Exercise instructions: From top to bottom, return the records that follow exactly.

(Dataset records)
....

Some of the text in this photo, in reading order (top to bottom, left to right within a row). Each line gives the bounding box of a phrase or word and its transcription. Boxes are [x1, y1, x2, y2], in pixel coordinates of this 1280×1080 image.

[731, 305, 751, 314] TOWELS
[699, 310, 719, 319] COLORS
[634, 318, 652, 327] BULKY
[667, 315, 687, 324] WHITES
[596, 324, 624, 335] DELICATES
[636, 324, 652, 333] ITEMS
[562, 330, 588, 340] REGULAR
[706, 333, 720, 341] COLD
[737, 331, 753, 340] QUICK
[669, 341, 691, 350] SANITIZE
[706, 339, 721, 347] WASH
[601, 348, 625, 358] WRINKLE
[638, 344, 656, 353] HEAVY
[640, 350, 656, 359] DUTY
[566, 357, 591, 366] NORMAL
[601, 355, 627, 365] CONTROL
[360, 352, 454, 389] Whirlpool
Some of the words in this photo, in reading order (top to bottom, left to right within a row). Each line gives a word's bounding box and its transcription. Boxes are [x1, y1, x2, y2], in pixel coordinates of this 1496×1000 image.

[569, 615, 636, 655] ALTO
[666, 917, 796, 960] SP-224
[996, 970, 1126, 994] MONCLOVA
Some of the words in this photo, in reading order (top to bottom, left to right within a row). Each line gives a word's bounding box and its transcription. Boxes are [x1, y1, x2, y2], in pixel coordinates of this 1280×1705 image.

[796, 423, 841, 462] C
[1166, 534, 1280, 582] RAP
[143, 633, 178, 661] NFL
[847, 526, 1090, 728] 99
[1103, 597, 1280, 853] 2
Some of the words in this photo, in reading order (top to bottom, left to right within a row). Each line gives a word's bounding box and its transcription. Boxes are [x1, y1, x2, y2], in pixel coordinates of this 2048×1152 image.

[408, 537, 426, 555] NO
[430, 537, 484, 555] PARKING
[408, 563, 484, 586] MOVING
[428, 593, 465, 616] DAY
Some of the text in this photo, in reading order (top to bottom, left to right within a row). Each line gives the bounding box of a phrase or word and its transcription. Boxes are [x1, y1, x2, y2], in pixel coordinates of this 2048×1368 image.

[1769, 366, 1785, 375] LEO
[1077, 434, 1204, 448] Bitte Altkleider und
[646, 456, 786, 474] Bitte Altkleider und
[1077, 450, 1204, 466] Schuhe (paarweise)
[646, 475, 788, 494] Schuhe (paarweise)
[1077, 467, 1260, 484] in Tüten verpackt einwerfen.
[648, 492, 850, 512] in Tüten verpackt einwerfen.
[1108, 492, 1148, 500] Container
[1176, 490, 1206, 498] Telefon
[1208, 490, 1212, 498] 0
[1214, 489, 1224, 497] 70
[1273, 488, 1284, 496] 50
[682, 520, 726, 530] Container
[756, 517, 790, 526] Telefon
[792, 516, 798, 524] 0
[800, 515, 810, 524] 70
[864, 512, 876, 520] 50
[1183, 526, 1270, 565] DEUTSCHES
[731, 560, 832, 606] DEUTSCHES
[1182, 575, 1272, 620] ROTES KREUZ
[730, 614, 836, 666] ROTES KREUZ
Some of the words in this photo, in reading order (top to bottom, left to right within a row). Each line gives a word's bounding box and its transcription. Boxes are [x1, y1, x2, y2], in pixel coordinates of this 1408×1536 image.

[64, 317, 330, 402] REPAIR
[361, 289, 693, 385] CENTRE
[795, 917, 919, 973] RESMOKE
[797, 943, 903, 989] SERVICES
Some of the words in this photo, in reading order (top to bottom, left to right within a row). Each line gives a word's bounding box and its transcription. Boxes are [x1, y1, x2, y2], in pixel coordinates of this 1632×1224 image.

....

Result of this task:
Some of the text in this photo, in reading order (top to bottom, left to right within a row). Each line gives the bounding box of a phrase or word and its transcription. Boxes are [x1, y1, x2, y2], in pixel coordinates of this 1280×1080 image.

[731, 305, 751, 314] TOWELS
[699, 310, 719, 319] COLORS
[634, 318, 652, 327] BULKY
[667, 315, 687, 324] WHITES
[596, 324, 624, 335] DELICATES
[636, 324, 652, 333] ITEMS
[562, 330, 588, 340] REGULAR
[706, 333, 720, 341] COLD
[737, 331, 753, 340] QUICK
[669, 341, 691, 350] SANITIZE
[706, 339, 721, 347] WASH
[601, 348, 625, 358] WRINKLE
[638, 344, 656, 353] HEAVY
[640, 350, 656, 359] DUTY
[566, 357, 591, 366] NORMAL
[601, 355, 627, 365] CONTROL
[360, 352, 454, 389] Whirlpool
Some of the words in this photo, in reading order (top to bottom, left to right within a row). Each line gives a word's bounding box and its transcription. Boxes are [x1, y1, x2, y2], in pixel coordinates of this 1496×1000 image.

[569, 615, 636, 655] ALTO
[666, 917, 796, 960] SP-224
[996, 970, 1126, 994] MONCLOVA
Some of the words in this photo, in reading order (top to bottom, left to right within a row). Each line gives a word's bounding box and its transcription. Boxes are [x1, y1, x2, y2], in pixel coordinates of this 1280×1705 image.

[796, 423, 841, 462] C
[1166, 534, 1280, 582] RAP
[143, 633, 178, 661] NFL
[847, 526, 1090, 728] 99
[1103, 597, 1280, 853] 2
Some of the words in this photo, in reading order (top to bottom, left to right within a row). Each line gives a word's bounding box and its transcription. Boxes are [x1, y1, x2, y2], in pixel coordinates of this 2048×1152 image.

[408, 537, 426, 555] NO
[430, 537, 484, 555] PARKING
[408, 563, 484, 586] MOVING
[428, 593, 465, 616] DAY
Some of the text in this photo, in reading order (top to bottom, left to right within a row). Each line gives the bounding box of a phrase or word and its transcription. Boxes are [x1, y1, x2, y2], in pixel coordinates of this 2048×1368 image.

[1769, 366, 1785, 375] LEO
[1077, 434, 1204, 448] Bitte Altkleider und
[646, 456, 786, 474] Bitte Altkleider und
[1077, 450, 1204, 466] Schuhe (paarweise)
[646, 475, 788, 494] Schuhe (paarweise)
[1077, 467, 1260, 484] in Tüten verpackt einwerfen.
[648, 492, 850, 512] in Tüten verpackt einwerfen.
[1108, 492, 1148, 500] Container
[1176, 490, 1206, 498] Telefon
[1208, 490, 1212, 498] 0
[1214, 489, 1224, 497] 70
[1273, 488, 1284, 496] 50
[682, 520, 726, 530] Container
[756, 517, 790, 526] Telefon
[792, 516, 798, 524] 0
[800, 515, 810, 524] 70
[864, 512, 876, 520] 50
[1183, 526, 1270, 565] DEUTSCHES
[731, 560, 832, 606] DEUTSCHES
[1182, 575, 1272, 620] ROTES KREUZ
[730, 614, 836, 666] ROTES KREUZ
Some of the words in this photo, in reading order (top to bottom, left to right within a row). Each line gives a word's bounding box and its transcription. Boxes are [x1, y1, x2, y2], in pixel coordinates of this 1408×1536 image.

[64, 317, 330, 402] REPAIR
[361, 289, 693, 385] CENTRE
[795, 917, 919, 973] RESMOKE
[797, 943, 903, 989] SERVICES
Some of the words in this photo, in reading order (top to bottom, left to right within a row). Each line gives a word's bounding box and its transcription. Boxes are [x1, y1, x2, y2], in pixel coordinates of this 1632×1224 image.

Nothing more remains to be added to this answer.